But it does come to an end. Winter is coming, and the way the weathermen and Farmers Almanac are predicting it will be quite the winter this year, yet many have given little thought to it. We tend to treat farms and farmers markets like the grocery store. We act like there is one continuous growing season. Yet, In just a few weeks the last of the summer vegetables will be harvested. By the middle of October we will process the last of our free-range chickens. Have you stored up?
The ebb and flow of farms and farmers markets more closely follow the seasons than does the supermarket. Vegetables don't grow all year, chickens are terrible in the winter, and lamb and calves are typically born in the spring. The supermarket has stripped us of the natural flow of life. It may be convenient but it has removed from us the responsibility of preparation and saving back. It has changed our notion of the seasons to no more than the time of play and the time of snow men.

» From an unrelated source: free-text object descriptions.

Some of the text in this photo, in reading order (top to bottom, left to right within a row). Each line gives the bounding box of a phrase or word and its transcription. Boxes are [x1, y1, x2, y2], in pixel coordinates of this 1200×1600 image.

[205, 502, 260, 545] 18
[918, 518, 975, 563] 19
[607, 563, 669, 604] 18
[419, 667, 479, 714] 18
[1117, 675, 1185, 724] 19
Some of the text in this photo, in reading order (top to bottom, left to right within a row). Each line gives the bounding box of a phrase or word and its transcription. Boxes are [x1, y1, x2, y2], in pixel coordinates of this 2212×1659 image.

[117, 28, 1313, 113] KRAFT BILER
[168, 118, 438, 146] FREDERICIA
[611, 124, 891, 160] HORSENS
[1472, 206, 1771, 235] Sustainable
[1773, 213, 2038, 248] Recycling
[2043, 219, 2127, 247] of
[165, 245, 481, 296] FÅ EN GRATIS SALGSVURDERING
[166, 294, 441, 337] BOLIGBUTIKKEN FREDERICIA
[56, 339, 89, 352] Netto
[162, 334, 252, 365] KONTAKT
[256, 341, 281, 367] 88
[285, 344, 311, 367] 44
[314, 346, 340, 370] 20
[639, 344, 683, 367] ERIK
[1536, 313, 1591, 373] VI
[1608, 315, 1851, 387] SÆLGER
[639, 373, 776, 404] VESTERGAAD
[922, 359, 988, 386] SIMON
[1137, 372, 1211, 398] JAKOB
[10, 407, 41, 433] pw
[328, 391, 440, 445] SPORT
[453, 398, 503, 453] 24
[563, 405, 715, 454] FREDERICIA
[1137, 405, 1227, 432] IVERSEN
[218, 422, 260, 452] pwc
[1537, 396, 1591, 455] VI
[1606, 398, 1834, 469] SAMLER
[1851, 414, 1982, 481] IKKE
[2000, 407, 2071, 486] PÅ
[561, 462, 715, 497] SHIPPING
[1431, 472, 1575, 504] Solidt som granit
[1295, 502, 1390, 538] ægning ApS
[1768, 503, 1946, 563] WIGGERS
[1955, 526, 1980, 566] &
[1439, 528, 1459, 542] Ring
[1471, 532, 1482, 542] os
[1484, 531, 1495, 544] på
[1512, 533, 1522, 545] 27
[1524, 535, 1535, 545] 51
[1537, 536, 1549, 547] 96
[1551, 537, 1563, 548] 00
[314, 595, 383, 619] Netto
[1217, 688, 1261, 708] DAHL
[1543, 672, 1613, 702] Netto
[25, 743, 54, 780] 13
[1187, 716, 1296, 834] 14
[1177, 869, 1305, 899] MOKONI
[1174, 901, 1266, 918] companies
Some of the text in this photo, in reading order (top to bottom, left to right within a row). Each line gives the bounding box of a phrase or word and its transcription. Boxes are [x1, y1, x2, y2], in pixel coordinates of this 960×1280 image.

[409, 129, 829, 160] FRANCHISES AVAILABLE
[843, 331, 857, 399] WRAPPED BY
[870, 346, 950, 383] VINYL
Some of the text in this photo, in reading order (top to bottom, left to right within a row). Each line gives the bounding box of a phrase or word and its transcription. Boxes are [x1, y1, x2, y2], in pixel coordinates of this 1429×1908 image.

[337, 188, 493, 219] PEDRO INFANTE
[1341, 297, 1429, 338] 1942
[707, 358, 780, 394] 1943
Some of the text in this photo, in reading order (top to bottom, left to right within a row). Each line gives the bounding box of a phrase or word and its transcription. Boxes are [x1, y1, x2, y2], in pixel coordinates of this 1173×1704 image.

We must change the way our culture thinks about food and the seasons. During the times of plenty we should be storing away for the lean times. That means canning, freezing, drying, and preserving your food, both meat and vegetables, so that you are ready for the winter. Yes, this may take a little work, but you may be surprised what you can put away in a couple of weekends.
Buy A Freezer
Some of you may be thinking, how do I start? It can be intimidating if you have never done anything like this before. One of the easiest places to start is with a freezer and not the one over your refrigerator. That freezer, in my opinion, is sufficient for about one to two weeks of food. You need a dedicated freezer: an upright or a chest style. Start filling this with meat. Our meat does well through the winter in a freezer. All you would need to do is plan to store six months of meat. If you have room left over start vacuum sealing vegetables.
Add a Root Cellar
Then there is the root cellar or some variation of it. There are many fruits and vegetables that can be kept for most of the winter without freezing or canning as long as they are kept cool and dry. A traditional root cellar will often be a small partially buried cinder block building. The one on our farm is just such a building. A root cellar need not be this elaborate. One can be built in a shady corner of your yard out of straw bails or even buried trash cans.
The next progression in this journey is canning. I won't delve too much into this in this post, but I will say, if you can grow it you can can it. Meat, vegetables, fruit, and even eggs can be preserved by canning. I love pickled eggs. I think they are one of the best snacks out there and they are easy to make. My point is, anything you pick up from the farmers market or the farm is preservable for the winter.
Which character will you be from Aesop's Fable of the Ant and the Grasshopper? Will you be the grasshopper that enjoyed the bounty of the summer but stored nothing away for the winter? Or will you be like the ant that stored away the bounty for the winter? Just think, if you store away like the ant you will beat the national average which says that most people only have three days worth of food on hand. And, when everyone is cleaning the shelves before the big snow this year you can drive home with the peace of mind that you have plenty on hand.
Question: Do you have another method of storing food away for the winter? Let me know in the comments below.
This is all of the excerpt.